In her view, this has led to a process that is bringing about nothing less than the creation of a "new civilization" she calls "Eurabia", a new entity built upon a platform of advocacy for the Palestinians, anti-Americanism and anti-Semitism/anti-Zionism, where the values of democracy and individual rights are under threat.
The creation of Eurabia is the coming together of a number of diverse factors. Combine the persistence of hatred for Jews on the far right, the animus of the left for Israel and America, and a general refusal to see the rise of Islamism as a threat and what you get is a political and cultural snowball that is overwhelming the ability of the West to defend itself.
NOT AN ACCIDENT
The key point is that anti-Israel and anti-American strategies are not an accidental byproduct of the coming together of European and Arab elites.
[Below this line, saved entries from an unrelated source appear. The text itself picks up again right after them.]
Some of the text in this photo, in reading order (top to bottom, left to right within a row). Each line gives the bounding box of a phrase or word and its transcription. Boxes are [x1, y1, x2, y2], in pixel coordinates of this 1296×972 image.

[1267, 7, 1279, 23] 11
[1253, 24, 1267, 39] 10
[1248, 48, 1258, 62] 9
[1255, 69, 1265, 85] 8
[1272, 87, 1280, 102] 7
Since the 1960s, the sacrifice of Israel has been a key to understanding the European Union's attitude toward the Arab world. Add to the mix traditional European resentment of the United States, and you have a recipe for appeasement of Arab demands not only on Israel, but on the fight against Islamic fundamentalism.
"The Arab-Israeli conflict itself has been kept alive by a European strategy as a tool against America and to advance their influence in the Arab world," asserts the author.
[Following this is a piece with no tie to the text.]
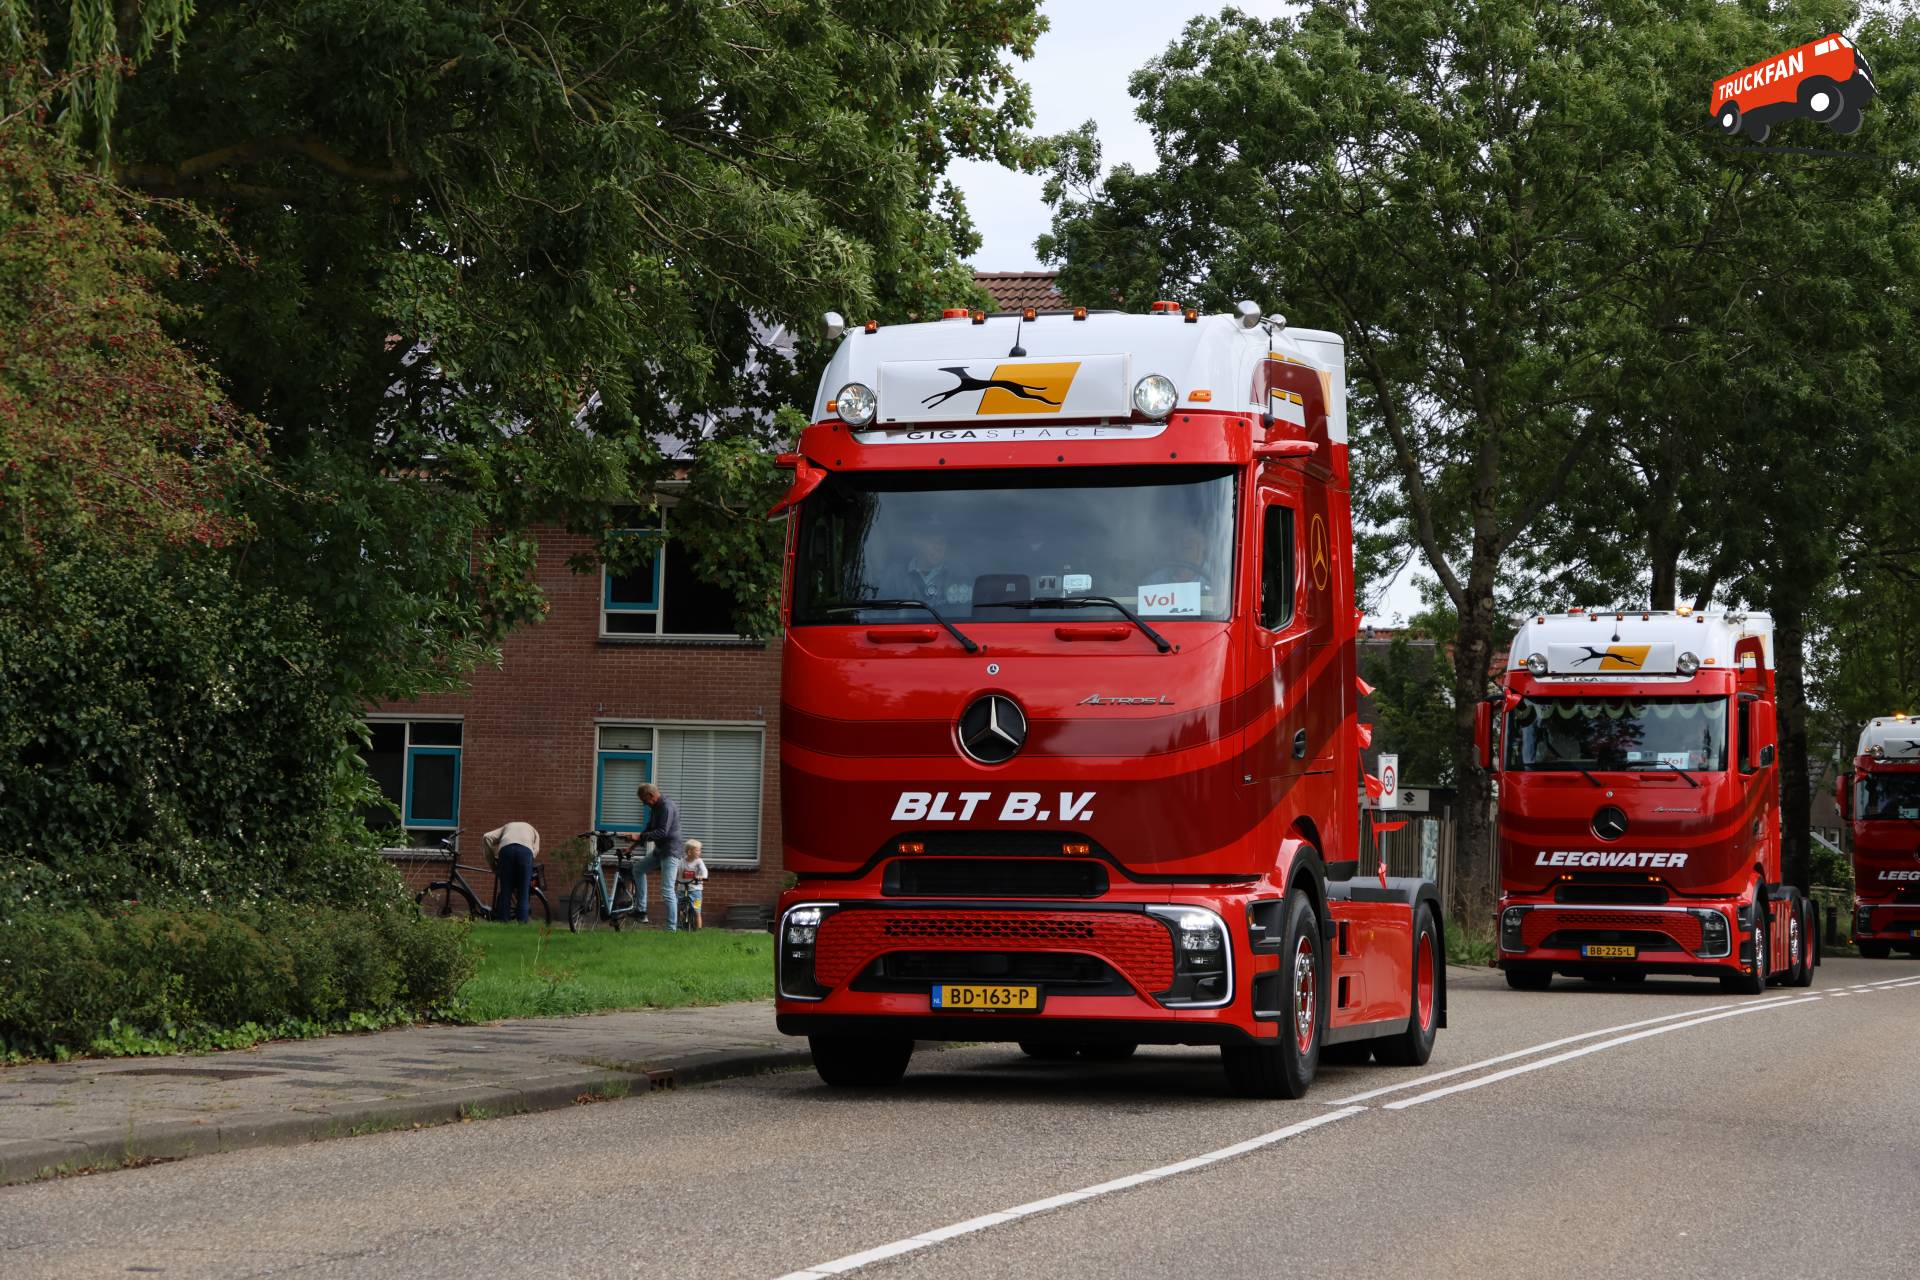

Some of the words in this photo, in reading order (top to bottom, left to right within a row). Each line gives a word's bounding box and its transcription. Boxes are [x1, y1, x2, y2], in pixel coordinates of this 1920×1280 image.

Wrongly viewing Israel as the product of Europe's original sin of colonialism, rather than as the national liberation movement of the long-oppressed Jewish people, the continent's elites have "projected onto Israel all the evils of Europe."
Digging even deeper into the European psyche, Bat Ye'or sees a growing willingness to view European Christianity as more compatible with Islam than Judaism.
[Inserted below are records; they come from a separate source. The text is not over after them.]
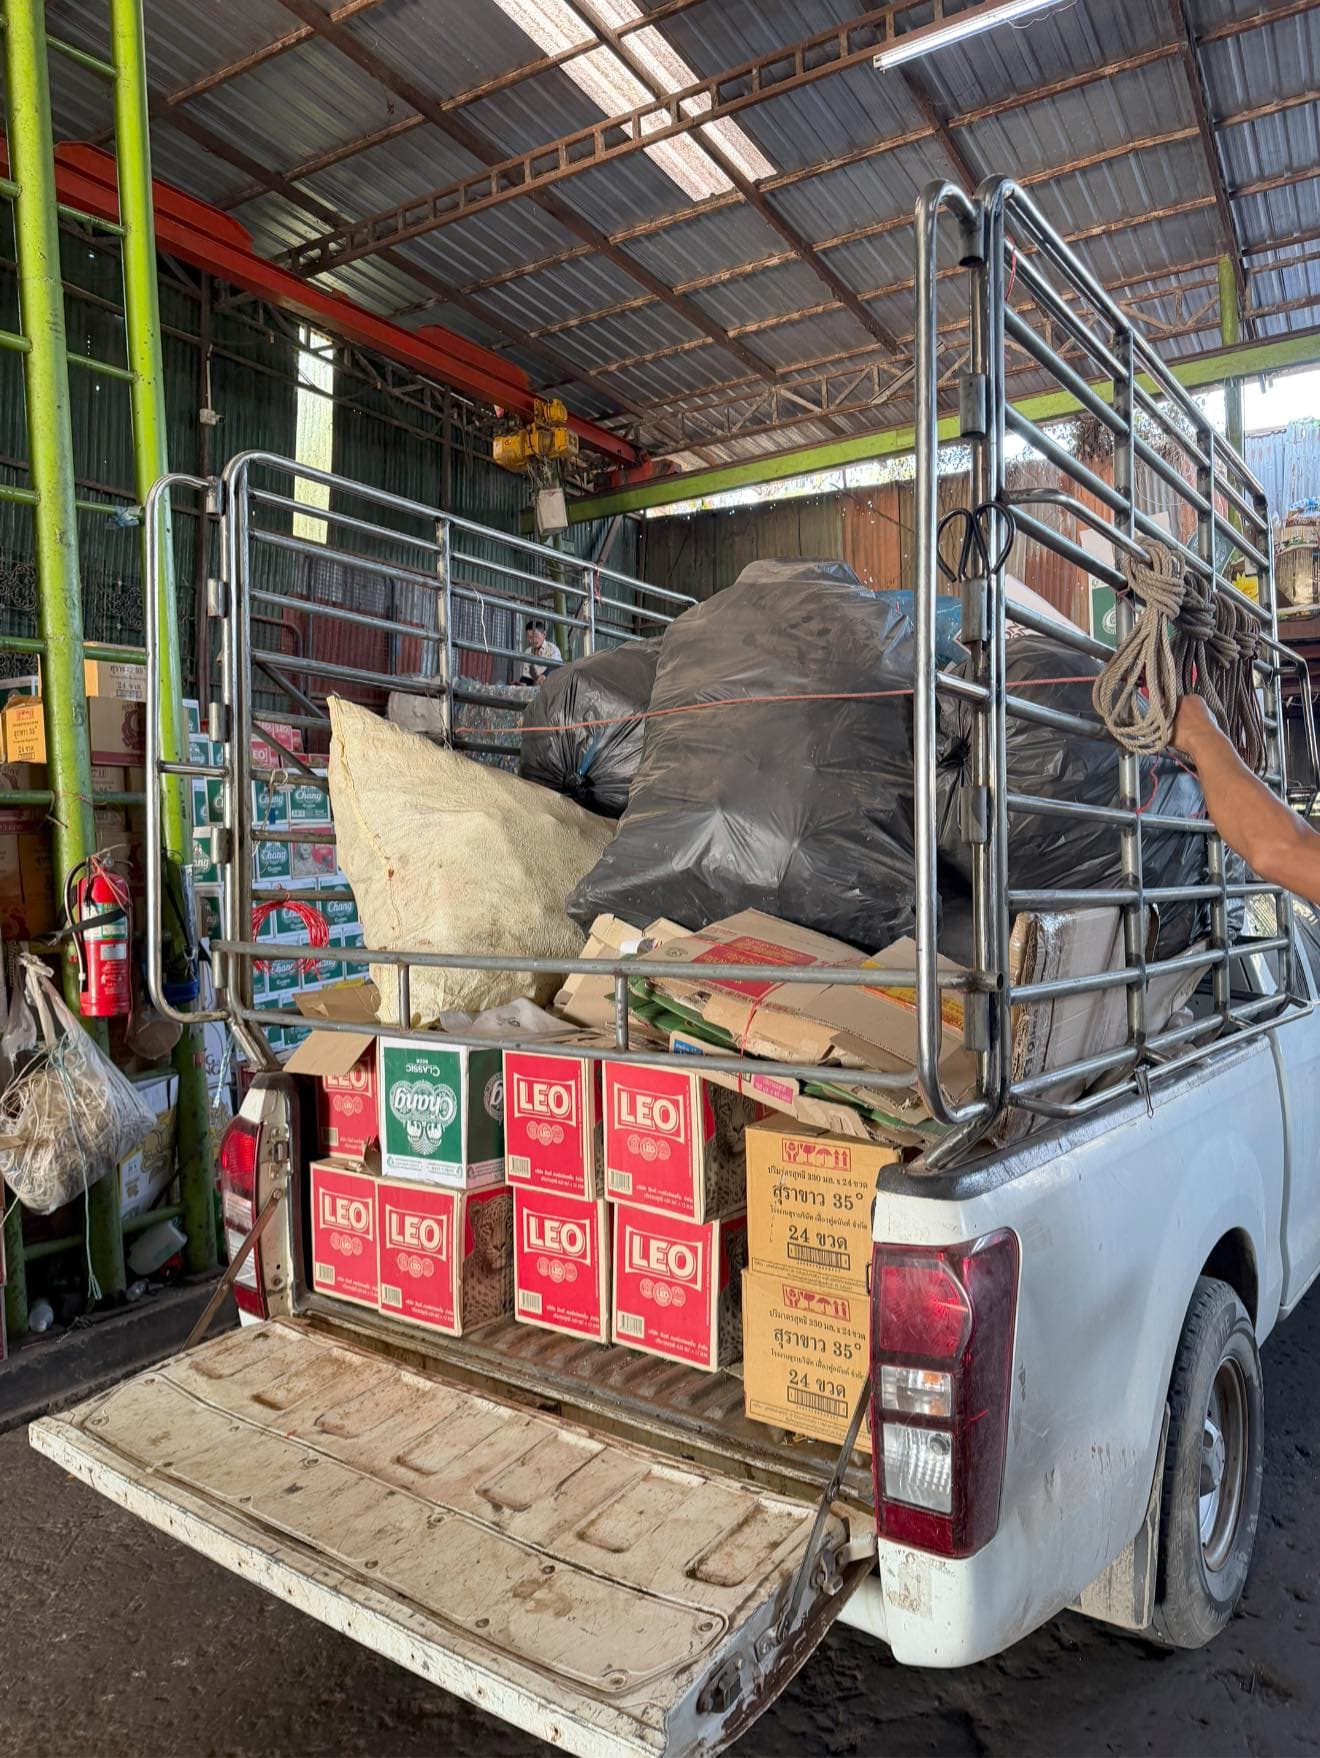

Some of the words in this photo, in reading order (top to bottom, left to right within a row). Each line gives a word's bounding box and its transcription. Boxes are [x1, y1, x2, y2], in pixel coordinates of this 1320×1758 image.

[252, 750, 266, 760] EO
[295, 790, 321, 801] Chang
[262, 849, 286, 863] Chang
[327, 901, 353, 914] Chang
[406, 1063, 440, 1077] CLASSIC
[394, 1087, 454, 1121] Chang
[519, 1080, 571, 1118] LEO
[620, 1091, 679, 1134] LEO
[773, 1184, 825, 1207] สุราขาว
[833, 1192, 863, 1210] 35°
[843, 1179, 852, 1187] 24
[324, 1194, 369, 1233] LEO
[390, 1212, 442, 1253] LEO
[529, 1215, 585, 1257] LEO
[788, 1224, 809, 1243] 24
[816, 1232, 847, 1251] ขวด
[632, 1234, 696, 1281] LEO
[774, 1328, 826, 1353] สุราขาว
[833, 1340, 862, 1360] 35°
[842, 1328, 851, 1337] 24
[789, 1369, 809, 1388] 24
[816, 1378, 846, 1398] ขวด
"This post Judeo-Christian Europe," she explains, is practicing an intellectual version of unilateral disarmament, pointing out that this has been promoted by official E.U. dialogue forums with Islamic thinkers.
As is the case here, academic institutions in Europe devoted to the study of Islam are soft-pedaling the threat. European intellectuals who are unwilling to stand up for Western values and who sneer at America's mission of bringing democracy to the Arab world are "abandoning resistance to jihad and dhimmitude," according to the author.
The inevitable result is a Europe that will, over the course of the next few decades, gradually fall more and more under the control of the Islamic world.
For Bat Ye'or, the only good news comes from the United States. She writes in her book's conclusion that America's policy toward the Israeli/Palestinian conflict and its war on Islamic terrorism has "crystallized within European societies an awareness and resistance of a policy of dhimmitude." An assertive America, undaunted by the siren song of European appeasement, has the chance to turn the tide of history.
Is she right? It is possible to argue that the book pulls together a number of trends that are not necessarily related to one another. You could also point to the fact that European Muslims have a long way to go before they are kingmakers in Brussels, Paris, Berlin or London.
But in light of the astounding growth of anti-Semitism and the feeble response of European governments to Islamic violence and threats directed at critics of Islam; the insistence of European governments on a policy of appeasement rather than confrontation of Iran's nuclear weapons programs; as well as their attempts to undermine American efforts in Iraq; and the author's alarmism seems not only well founded, but long overdue.
The battle to reverse the conquest of Eurabia will not be easy, but it must begin with an acknowledgement of the problem. Let's hope that Bat Ye'or's book is the first step on the road to victory.